- WHAT TO DO
Could you set down the listing below exactly and omit its images?

- DATA IN THIS EXERCISE
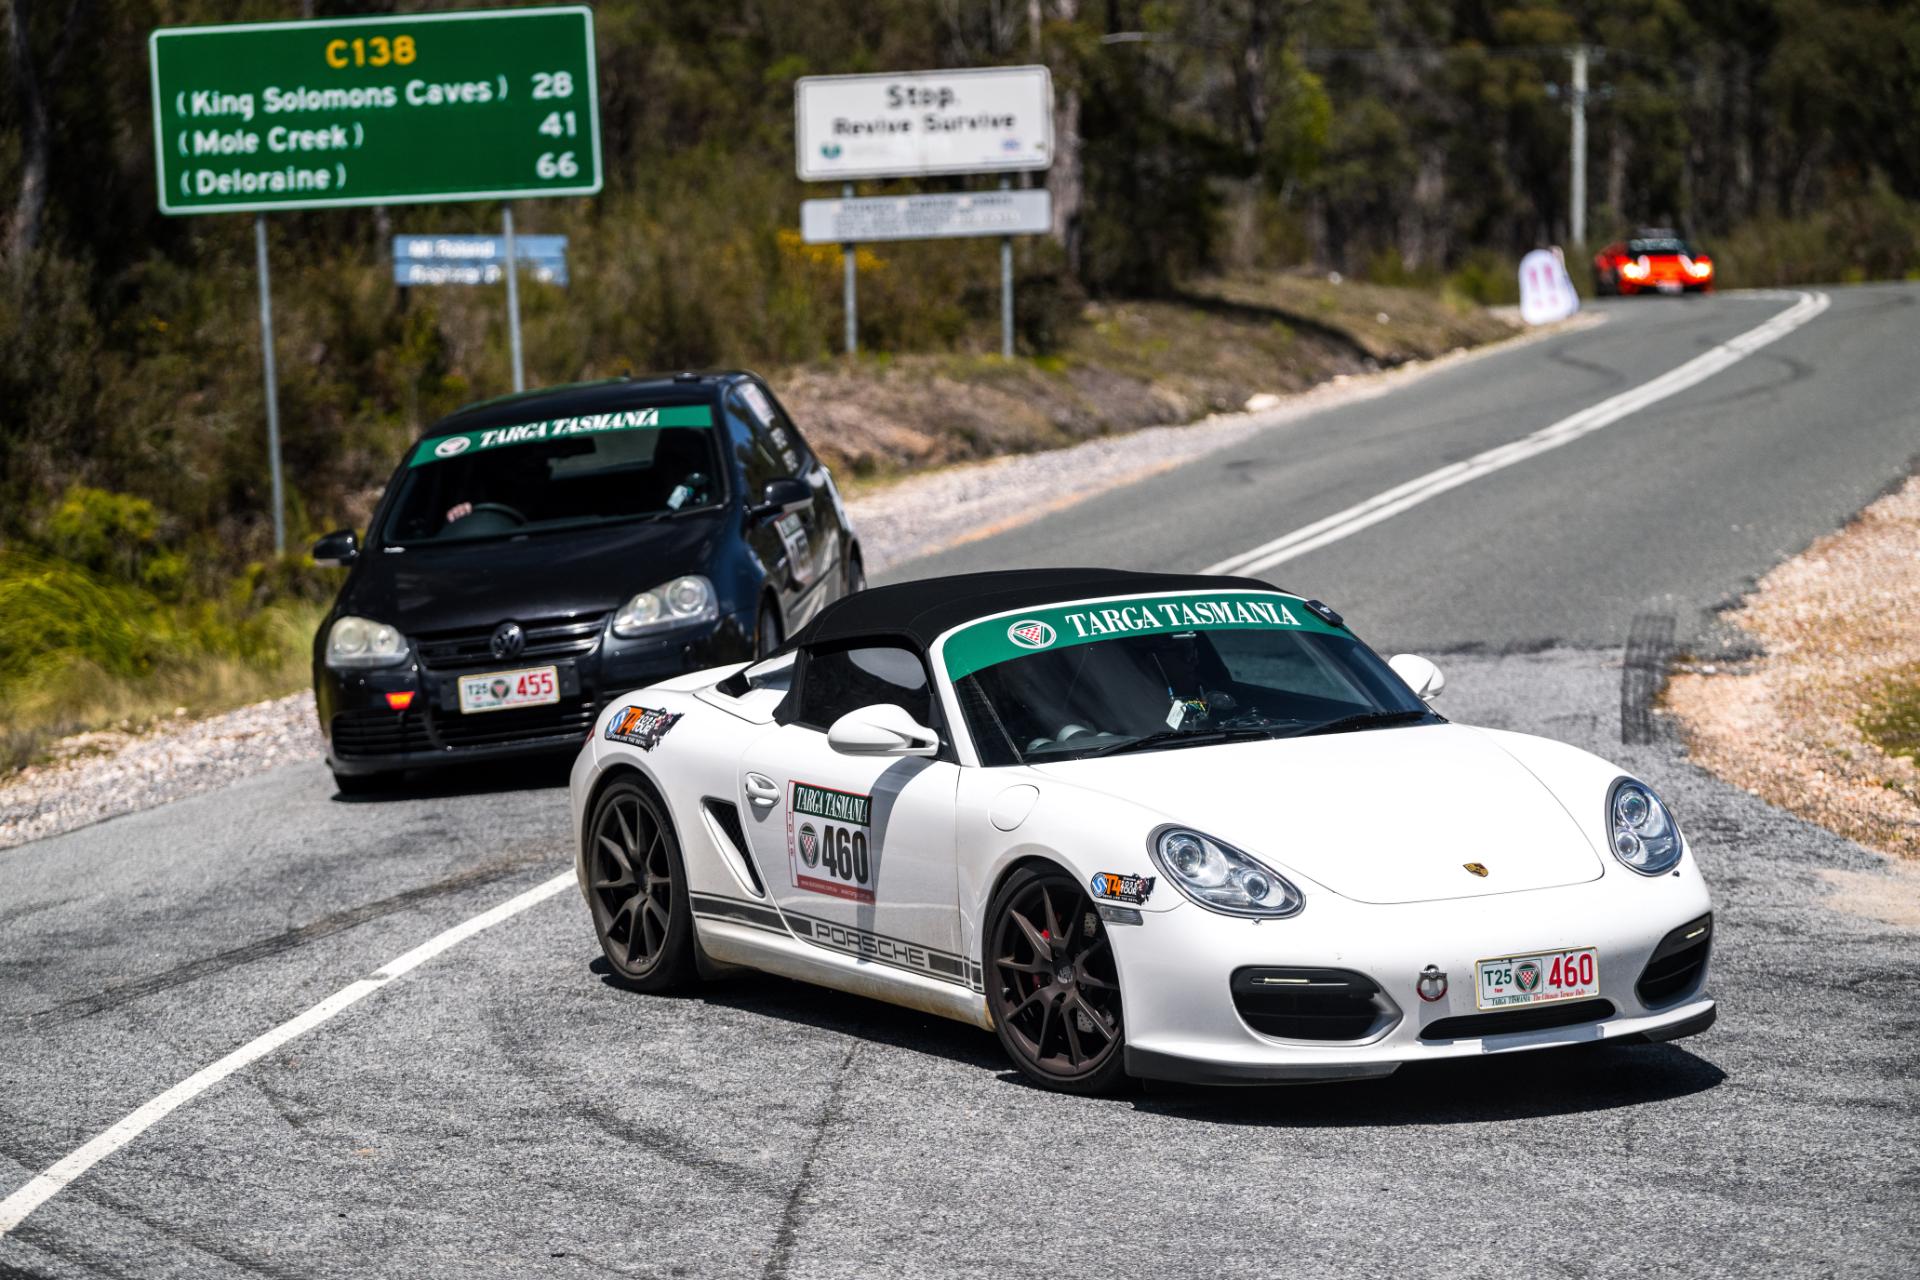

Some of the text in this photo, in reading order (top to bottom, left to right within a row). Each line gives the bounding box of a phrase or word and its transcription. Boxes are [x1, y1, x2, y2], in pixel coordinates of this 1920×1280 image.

[326, 35, 417, 69] C138
[262, 86, 397, 114] Solomons
[531, 71, 573, 100] 28
[887, 84, 955, 110] Stop
[538, 111, 577, 138] 41
[833, 113, 1015, 136] Revive Survive
[536, 152, 579, 179] 66
[479, 408, 659, 449] TARGA TASMANIA
[1064, 601, 1302, 639] TARGA TASMANIA
[468, 673, 553, 696] T25 455
[796, 787, 868, 823] TARGA TASMANIA
[822, 824, 869, 884] 460
[816, 923, 925, 967] PORSCHE
[1484, 953, 1593, 989] T25 460

- ANSWER
Some of the text in this photo, in reading order (top to bottom, left to right within a row). Each line gives the bounding box of a phrase or word and its transcription. Boxes are [x1, y1, x2, y2], in pixel coordinates of this 1920×1280 image.

[326, 35, 417, 69] C138
[262, 86, 397, 114] Solomons
[531, 71, 573, 100] 28
[887, 84, 955, 110] Stop
[538, 111, 577, 138] 41
[833, 113, 1015, 136] Revive Survive
[536, 152, 579, 179] 66
[479, 408, 659, 449] TARGA TASMANIA
[1064, 601, 1302, 639] TARGA TASMANIA
[468, 673, 553, 696] T25 455
[796, 787, 868, 823] TARGA TASMANIA
[822, 824, 869, 884] 460
[816, 923, 925, 967] PORSCHE
[1484, 953, 1593, 989] T25 460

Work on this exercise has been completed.